AK Parti'de yeni MYK üyelerinin netleşmesiyle beraber Bursa Milletvekili Efkan Ala’nın da Genel Başkan Vekilliğinin netleşmesi, yerel seçimlerde Büyükşehir adaylığı için düşünülen isimler hakkında “dengeler değişir mi” yorumlarını da beraberinde getirdi.
Alinur Aktaş kalabilir diyenler, şimdilerde Efkan Ala’nın hemşehrisi olan Yıldırım Belediye Başkanı Oktay Yılmaz’ın son 2 yılda Yıldırım’da gerçekleştirdiği projeler de göze alındığında, acaba Büyükşehir adayı olarak gösterilebilir mi yorumları yapıyor.
Tabii bu isimlerin dışında Ankara’da sürpriz bir ismin de olabileceği söylense de, yerel seçimlerin genel seçimlerden farklı bir formatta geliştiği düşünüldüğünde,
Halkın yakından tanıdığı ve belli oy potansiyeline sahip mevcut bir ismin belirleneceği, riske atılmayacağı tahminleri bana göre de en güçlü olasılıklardan...
...
İYİ Parti'ye baktığımızda ise, 1 Ekim itibariyle adaylık ve meclis üyelikleri için istifa eden 11 ilçenin fikir birliğine varamamaktan kaynaklı hala atamaların gerçekleşmemesi nedeniyle bazı partililerin yavaş yavaş söylenmelerine, gruplaşmalarına neden olduğu belirtiliyor.
Bu konuda il başkanı Mehmet Hasanoğlu’na katıldığı bir toplantıda bu soruyu yönelttiğimde,
Asla böyle bir durumun söz konusu olmadığını, gelecek hafta itibariyle atamaların gerçekleşeceğini bildirdi.
Yine geçtiğimiz genel seçimlerde İYİ Parti'den milletvekili adayı olan ve partinin kurucu yönetim kademesinde de yıllarca görev alan Birgül Yıldız Günay’ın sosyal medyadan paylaştığı partiden istifa nedenini sorduğumda ise;
Kendilerinin de anlam veremediğini ve hatta şimdiki ve önceki yönetim kademesinden ve parti çalışmalarında etkin olan bazı isimlerinde yer aldığı watsapp gruplarında Birgül hanımın da yer aldığını, istifasıyla beraber gruptan çıktığını ifade etti.

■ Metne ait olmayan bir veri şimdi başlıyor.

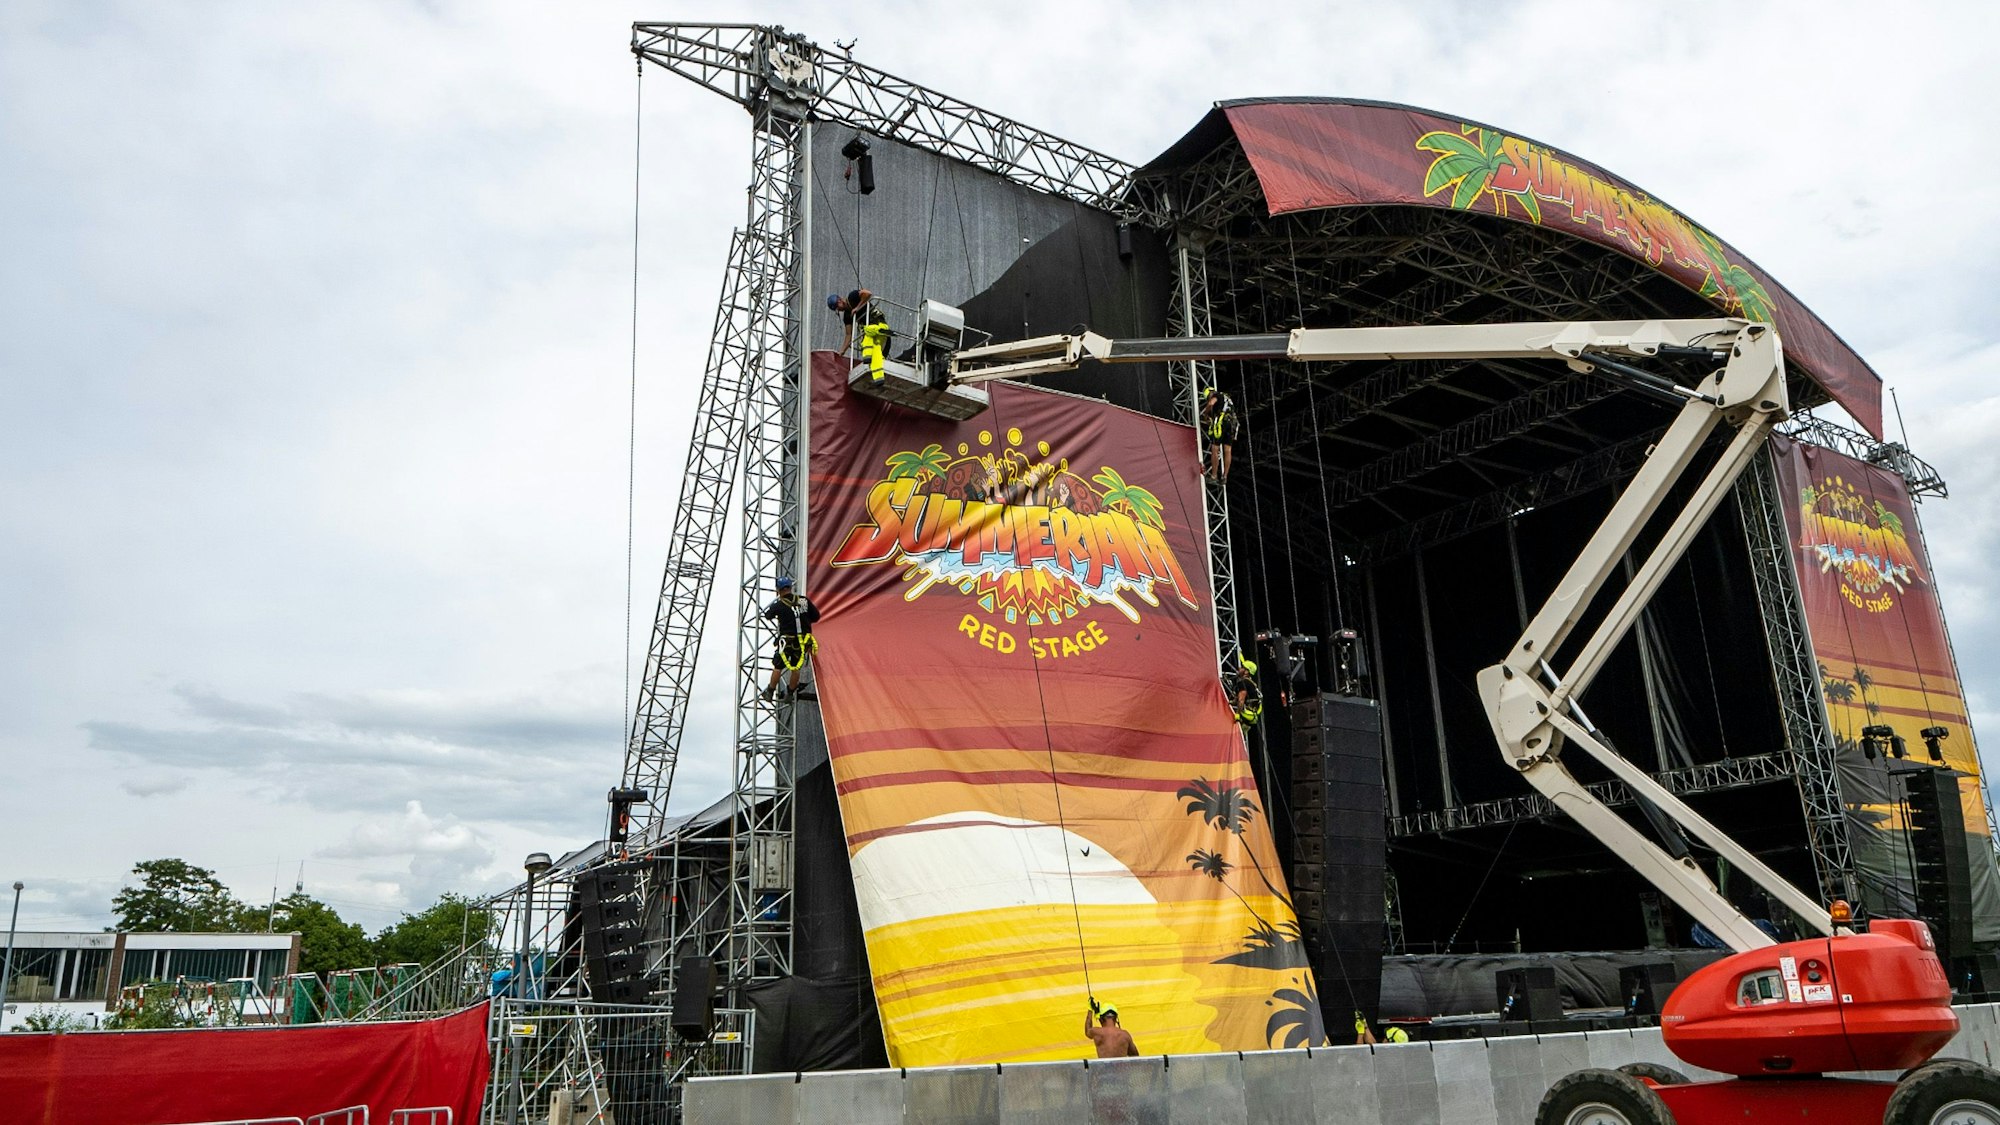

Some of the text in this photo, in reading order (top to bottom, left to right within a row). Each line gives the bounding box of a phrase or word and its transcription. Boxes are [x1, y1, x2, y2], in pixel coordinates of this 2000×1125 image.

[830, 476, 1199, 611] SUMMERJAM
[1841, 583, 1893, 613] RED STAGE
[958, 614, 1109, 660] RED STAGE
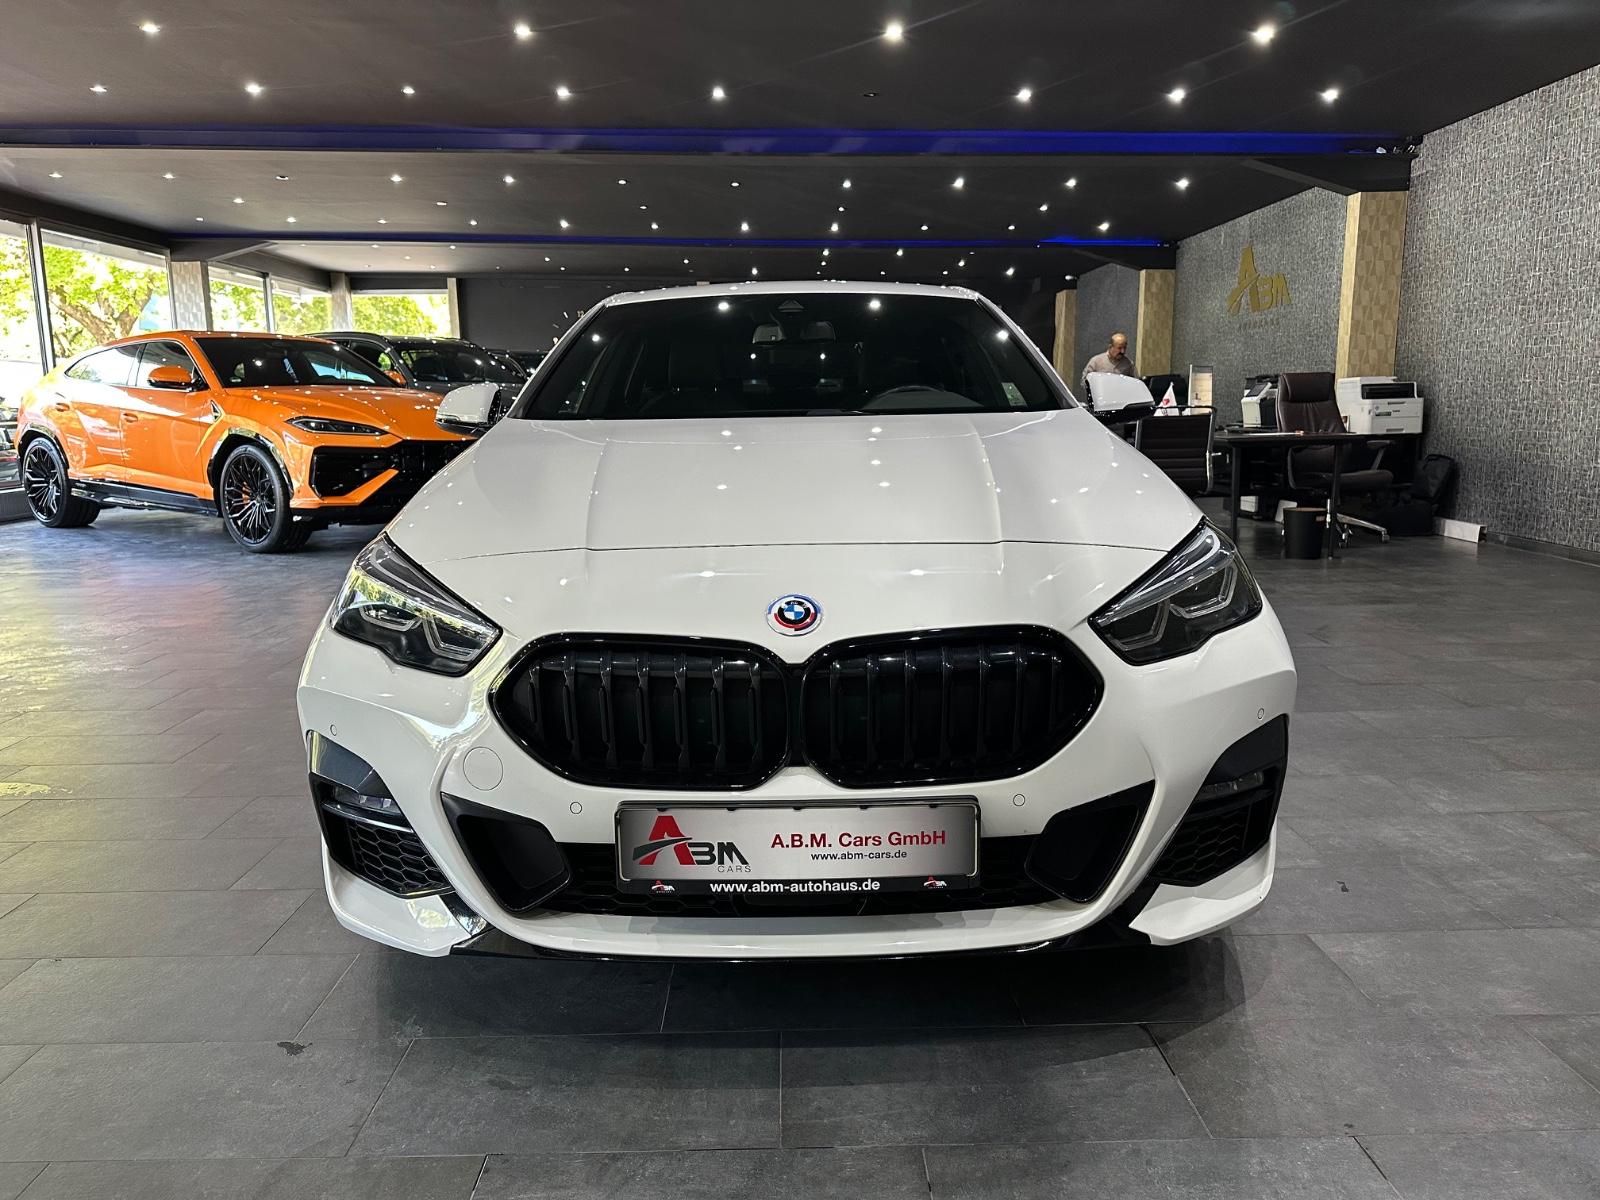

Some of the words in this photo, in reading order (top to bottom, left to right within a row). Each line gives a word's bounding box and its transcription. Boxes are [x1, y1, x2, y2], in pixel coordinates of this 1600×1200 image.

Ayrıca o sırada yanımızda bulunan milletvekili Selçuk Türkoğlu da konu hakkında;
Parti ruhunun olmayışı ve ortak değerleri benimseyememek olarak yorumlarken, "Kaldı ki bazen insanlar dinlenmek için bir süre ayrı kalmak isteyebilir fakat partiden istifa etmek olayın çok farklı bir boyutu”diye düşüncelerini ifade etti.
Şunu da eklemek isterim:
İYİ Parti kongreleri Türkoğlu ve İsmail Tatlıoğlu kanadından rakipler arasında geçmiş ve kazanan Türkoğlu ve ekibi olmuştu.
Devamında Türkoğlu’nun milletvekili seçilmesi ve Tatlıoğlu ve ekibinin biraz arka planda kaldığı ve her ne kadar aramız gayet iyi dense dahi Tatlıoğlu ekibinden tek tek istifaların olmasının çok da tesadüfi olmadığı yorumları da yapılmakta...

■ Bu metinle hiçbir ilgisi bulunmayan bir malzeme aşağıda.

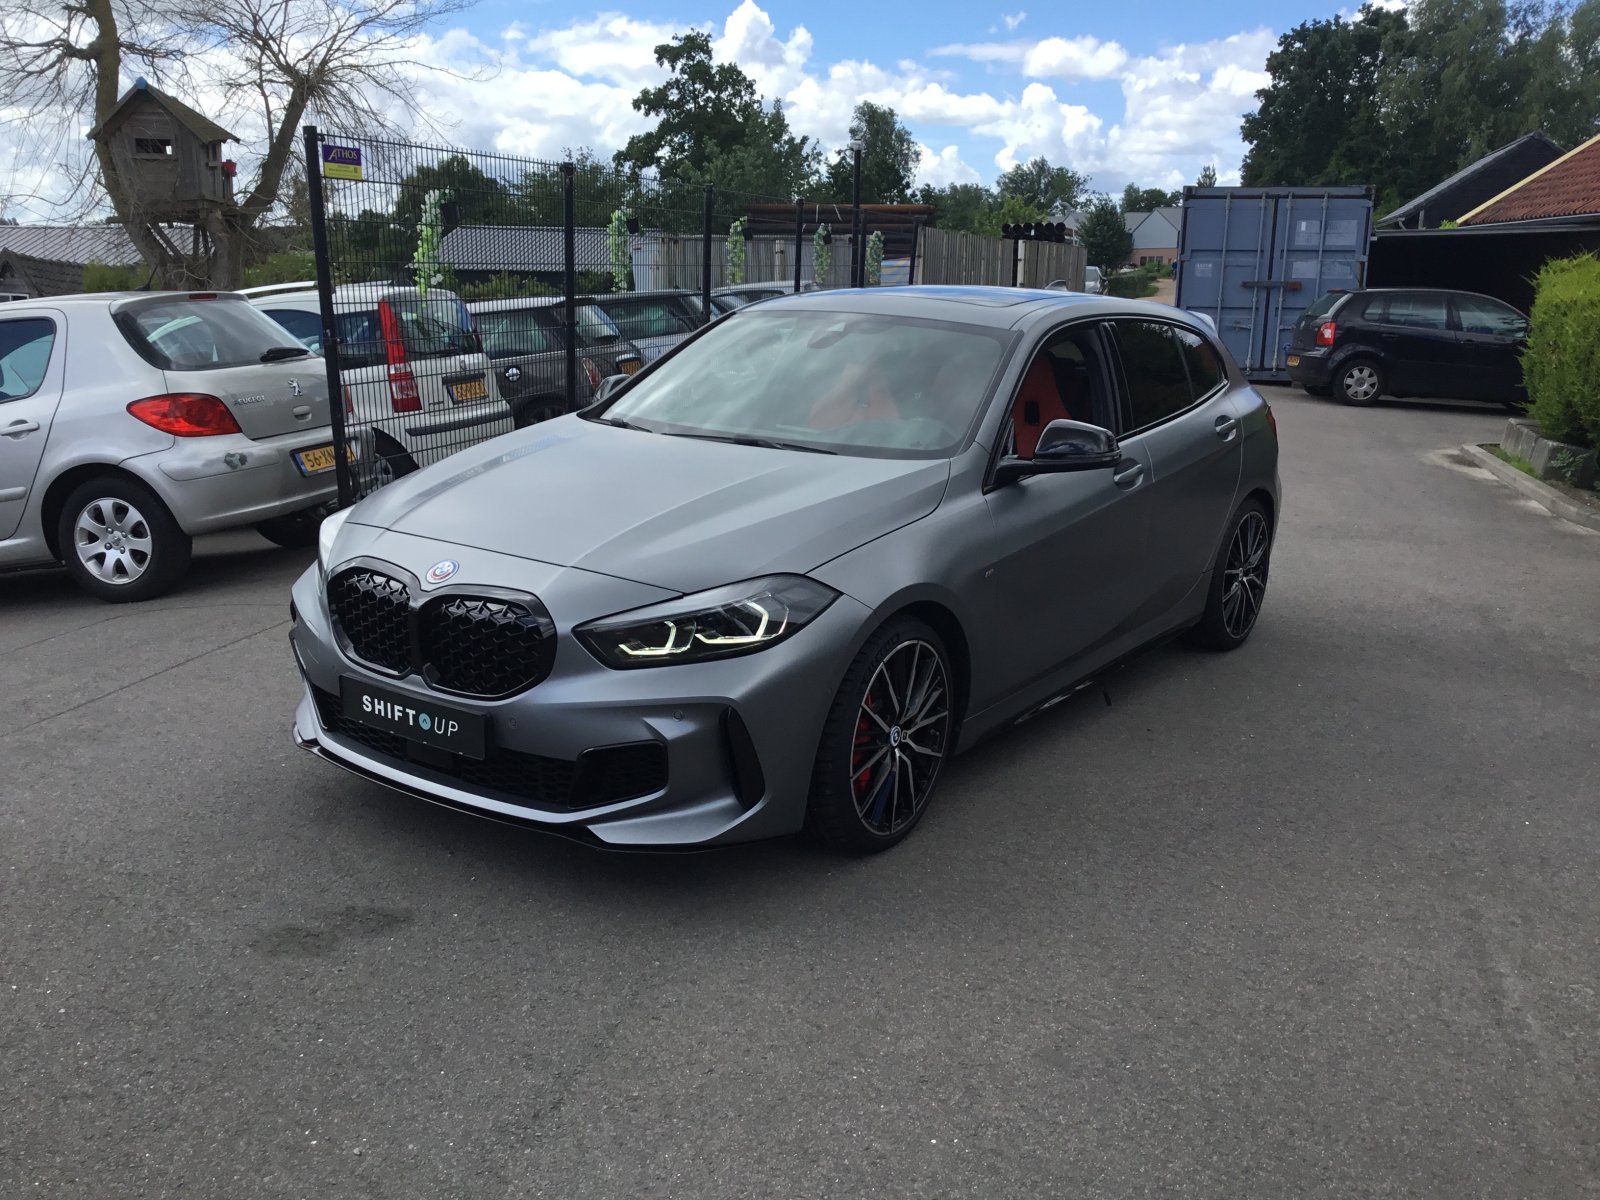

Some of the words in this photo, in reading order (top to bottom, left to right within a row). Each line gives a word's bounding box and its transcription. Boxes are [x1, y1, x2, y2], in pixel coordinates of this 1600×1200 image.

[328, 148, 357, 160] ATHOS
[362, 694, 416, 726] SHIFT
[434, 717, 458, 737] UP

Bu noktada Türkoğlu’nun da ima ettiği gibi,
“Partiden istediğini alamayan partililerin küskünlüğü mü yoksa kişisel hırsları mıydı bu istifaların nedeni acaba!”
Halbuki yine kongre döneminde birbirleriyle ters düşseler de, yaşanan kırgınlıkları geride bırakarak beraber çalışmaya, yol almaya karar verenler varken...
Pazar günü bu isimlerden olan Büyükşehir ve Yıldırım Belediye Meclis Üyesi Ferit Gürsoy’un nazik daveti üzerine Yıldırım Belediye Başkan aday adaylığı toplantısına katıldık. Oldukça iyi hazırlanmış bir organizasyon, girdiği bu yoldaki ciddiyetini gösteriyordu.
Dedim ya, her ne kadar geçmişte bazı kırgınlıkları olsa da, olması gerektiği gibi gerek Türkoğlu, gerek İl başkanı Mehmet Hasanoğlu ve bazı ilçe başkanlarının katılımıyla birlik mesajı da veriyorlar gibiydi...
Gürsoy, parti kurulduğundan beri canla başla çalıştığını ifade ederken,
Çok sevdiği eğitimcilik kariyerine de bu süreçte ara vermek zorunda kaldığını, ama vatandaşa yardımcı ve umut olmak adına asla pişmanlık duymadığını da ekliyordu.
Konuşmasında Yıldırım için elzem konulara değinirken, özellikle eğitim konusuna parmak basması ve Yıldırım gibi büyük bir ilçede Fen Lisesi olmamasına değinmesi bana göre konuşmasının en can alıcı noktasıydı.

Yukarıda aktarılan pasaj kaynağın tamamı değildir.